(Collected data)

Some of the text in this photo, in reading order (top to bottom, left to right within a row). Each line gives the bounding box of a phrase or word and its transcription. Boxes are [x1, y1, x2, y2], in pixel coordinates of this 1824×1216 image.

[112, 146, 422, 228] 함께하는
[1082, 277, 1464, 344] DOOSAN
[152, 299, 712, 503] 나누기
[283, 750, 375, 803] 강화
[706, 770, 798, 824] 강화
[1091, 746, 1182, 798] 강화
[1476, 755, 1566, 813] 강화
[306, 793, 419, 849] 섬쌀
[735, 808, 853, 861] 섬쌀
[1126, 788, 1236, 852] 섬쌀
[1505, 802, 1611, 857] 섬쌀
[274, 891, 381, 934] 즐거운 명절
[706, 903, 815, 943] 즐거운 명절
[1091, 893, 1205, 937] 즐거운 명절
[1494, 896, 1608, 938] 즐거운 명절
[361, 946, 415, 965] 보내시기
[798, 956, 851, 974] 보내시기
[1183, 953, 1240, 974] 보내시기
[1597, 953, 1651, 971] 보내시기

Assignment:
Go through the data and return every record exactly.

Solution:
Some of the text in this photo, in reading order (top to bottom, left to right within a row). Each line gives the bounding box of a phrase or word and its transcription. Boxes are [x1, y1, x2, y2], in pixel coordinates of this 1824×1216 image.

[112, 146, 422, 228] 함께하는
[1082, 277, 1464, 344] DOOSAN
[152, 299, 712, 503] 나누기
[283, 750, 375, 803] 강화
[706, 770, 798, 824] 강화
[1091, 746, 1182, 798] 강화
[1476, 755, 1566, 813] 강화
[306, 793, 419, 849] 섬쌀
[735, 808, 853, 861] 섬쌀
[1126, 788, 1236, 852] 섬쌀
[1505, 802, 1611, 857] 섬쌀
[274, 891, 381, 934] 즐거운 명절
[706, 903, 815, 943] 즐거운 명절
[1091, 893, 1205, 937] 즐거운 명절
[1494, 896, 1608, 938] 즐거운 명절
[361, 946, 415, 965] 보내시기
[798, 956, 851, 974] 보내시기
[1183, 953, 1240, 974] 보내시기
[1597, 953, 1651, 971] 보내시기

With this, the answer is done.